Dear Blogger
Answers to the State Craft Quiz earlier this week.
Bonar Law was the first British Prime Minister to be born outside of the UK in the then British colony of New Brunswick, now Canada.
Hugh Gaitskell. Labour leader from December 1955 he battled to rid the party of Clause lV which committed the party to nationalisation, was opposed to Suez, unilateral disarmament and British entry to the EEC. He died in 1963 aged 56 of complications from Flu following a visit to the Soviet Union which spawned many conspiracy theories.
Harold Wilson had a holiday home in the Scilly Isles. He nearly drowned, aged 57, in 1973 having fallen out of his boat. Six months later he became Prime Minister again.
Canada. He was Liberal leader and PM three times up to 1948.
Novelist John Buchan who was famous for The Thirty Nine Steps made into many film adaptions.

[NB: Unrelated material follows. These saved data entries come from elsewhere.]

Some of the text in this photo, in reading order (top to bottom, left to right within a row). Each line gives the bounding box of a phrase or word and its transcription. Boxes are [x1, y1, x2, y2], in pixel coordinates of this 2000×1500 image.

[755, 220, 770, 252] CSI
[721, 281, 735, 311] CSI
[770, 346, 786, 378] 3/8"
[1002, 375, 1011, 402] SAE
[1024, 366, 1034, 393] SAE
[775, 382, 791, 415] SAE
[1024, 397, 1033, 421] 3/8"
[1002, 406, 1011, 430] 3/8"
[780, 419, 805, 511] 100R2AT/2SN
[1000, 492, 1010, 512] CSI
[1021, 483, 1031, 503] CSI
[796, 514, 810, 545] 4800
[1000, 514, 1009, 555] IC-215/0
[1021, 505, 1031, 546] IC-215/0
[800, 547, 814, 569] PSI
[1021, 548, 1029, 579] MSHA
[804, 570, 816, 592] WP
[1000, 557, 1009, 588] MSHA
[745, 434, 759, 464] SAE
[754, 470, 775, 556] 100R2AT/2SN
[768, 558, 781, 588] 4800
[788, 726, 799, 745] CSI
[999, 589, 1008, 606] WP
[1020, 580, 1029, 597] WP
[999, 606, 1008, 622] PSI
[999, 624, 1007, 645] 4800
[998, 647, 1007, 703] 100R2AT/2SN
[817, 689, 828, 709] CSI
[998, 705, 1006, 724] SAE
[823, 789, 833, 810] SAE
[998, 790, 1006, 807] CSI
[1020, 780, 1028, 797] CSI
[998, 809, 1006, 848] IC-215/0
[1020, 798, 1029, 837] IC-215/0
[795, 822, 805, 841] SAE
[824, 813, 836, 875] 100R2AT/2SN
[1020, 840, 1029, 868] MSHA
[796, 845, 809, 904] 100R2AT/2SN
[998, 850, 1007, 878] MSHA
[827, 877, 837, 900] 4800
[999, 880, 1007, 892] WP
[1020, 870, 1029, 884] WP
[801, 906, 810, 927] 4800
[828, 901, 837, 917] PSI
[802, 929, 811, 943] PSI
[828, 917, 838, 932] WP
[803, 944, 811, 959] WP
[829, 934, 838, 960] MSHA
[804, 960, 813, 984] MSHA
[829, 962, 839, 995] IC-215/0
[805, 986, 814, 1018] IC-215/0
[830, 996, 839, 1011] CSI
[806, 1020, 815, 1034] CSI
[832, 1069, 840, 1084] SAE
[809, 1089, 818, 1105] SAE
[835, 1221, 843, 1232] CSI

Australia. He founded the Liberal Party and served two terms as Prime Minster 1939-41 and 1949-1966.
Sirimavo Bandaranaike became Prime Minister of Ceylon, later Sri Lanka, and served three terms.
Gamal Abdel Nasser. The monarchy was abolished in 1953 but Nasser only became second President in 1956.

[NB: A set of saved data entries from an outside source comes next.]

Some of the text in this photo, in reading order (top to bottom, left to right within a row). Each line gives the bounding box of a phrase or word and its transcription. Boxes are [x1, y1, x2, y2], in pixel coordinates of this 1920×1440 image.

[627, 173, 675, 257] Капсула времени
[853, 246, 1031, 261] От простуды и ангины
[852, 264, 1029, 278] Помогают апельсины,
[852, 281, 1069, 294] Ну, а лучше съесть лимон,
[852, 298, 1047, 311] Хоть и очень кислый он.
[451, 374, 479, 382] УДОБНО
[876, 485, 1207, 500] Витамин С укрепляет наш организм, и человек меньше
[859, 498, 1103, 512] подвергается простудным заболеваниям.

Umberto 11 who reigned for just 34 days in 1946 giving him the nickname the May King. His father King Victor Emmanuel 111 stepped aside hoping that this would neutralise the referendum abolishing the monarchy which was already in preparation.
Alexander 111 - he died of terminal kidney disease. His father had been assassinated which fate also attended his son Tsar Nicholas 11.

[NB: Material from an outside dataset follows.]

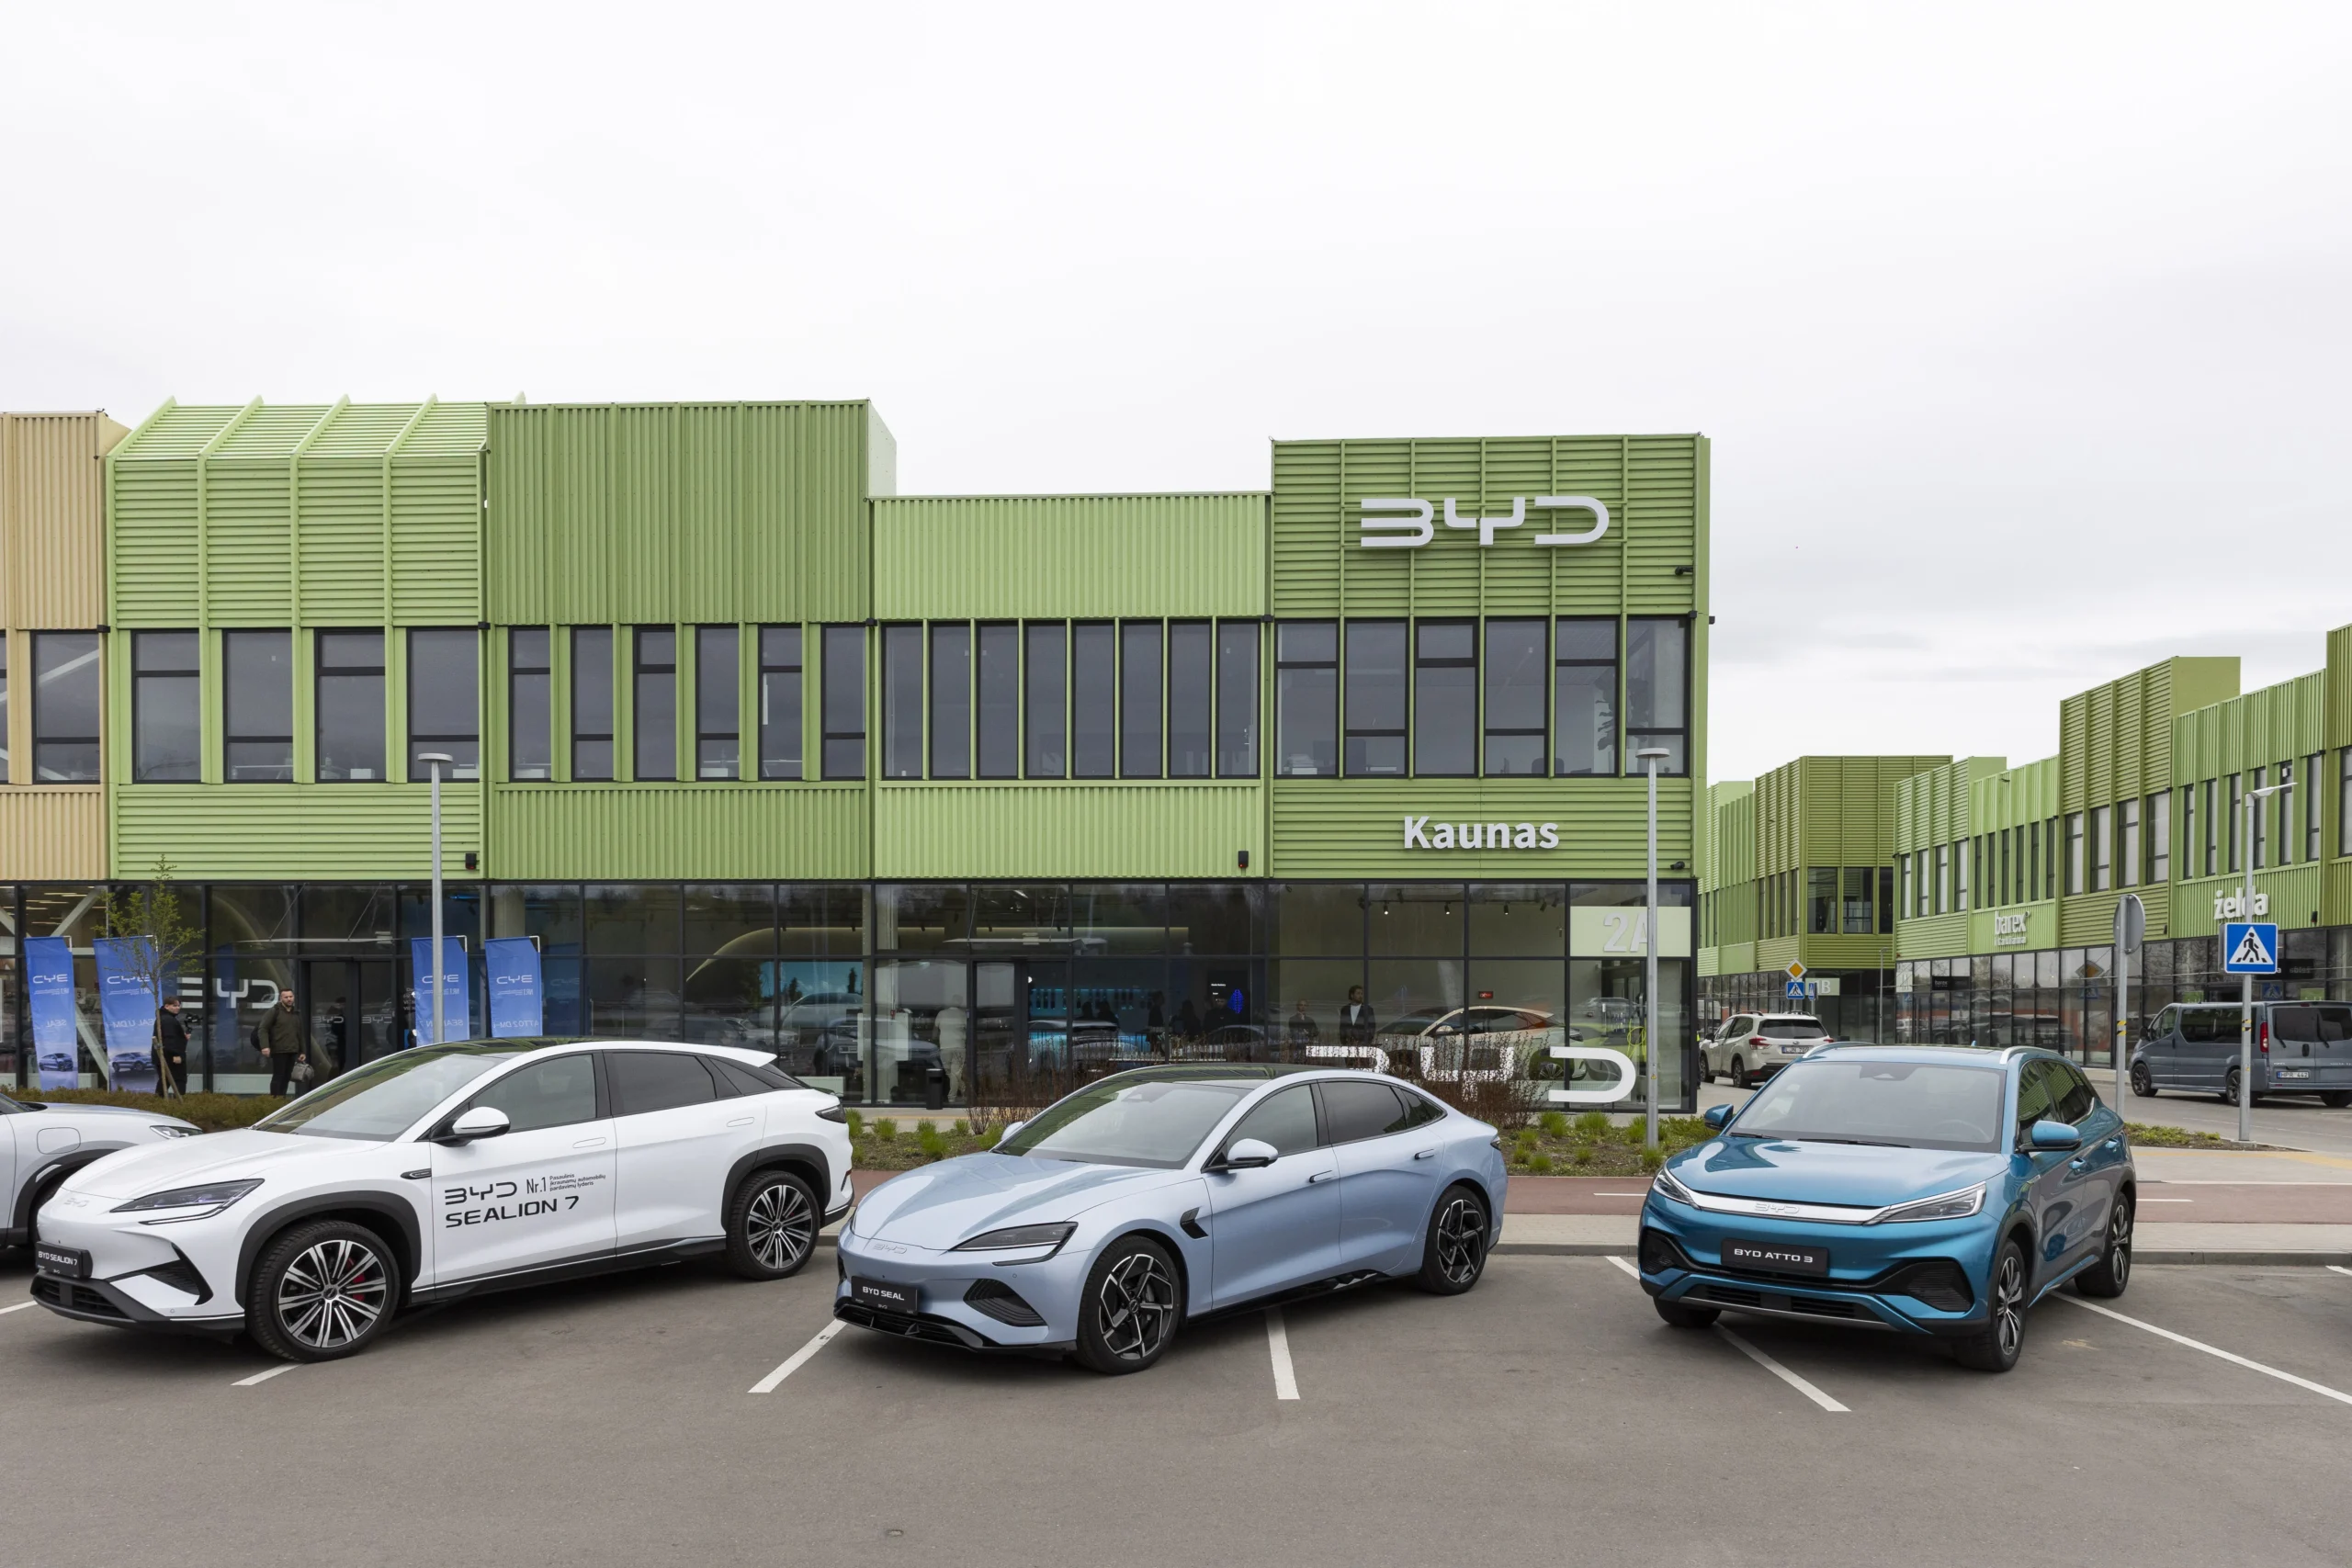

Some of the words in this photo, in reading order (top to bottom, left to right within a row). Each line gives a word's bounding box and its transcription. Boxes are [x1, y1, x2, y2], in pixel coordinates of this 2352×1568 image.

Theodore Roosevelt Jnr 26th President 1901-1909. An early conservationist he was most proud of the creation of National Parks. His nickname was Teddy and his face is carved into the rocks at Mount Rushmore. He was distantly related to FD Roosevelt.
Alec Douglas-Home, PM October 1963-October 1964. Born in Mayfair in the same house where Barbara Cartland he had various titles throughout his life but renounced his earldom when he became PM.
This was allegedly said by the mercurial David Loyd-George earlier in his career rather than Winston Churchill who had rather stronger criticism of Chamberlain's appeasement policy.
George Lansbury, whose daughter is Angela Lansbury. Lansbury operated in a period of political turbulence. Widely regarded as a man of principal a postwar Polar housing estate is named after him.
Jeremy Thorpe. Credited with a revival in Liberal fortunes at the ballot box, Thorpe's political career rose to great heights only to be dashed by scandal in the manner of a Greek tragedy.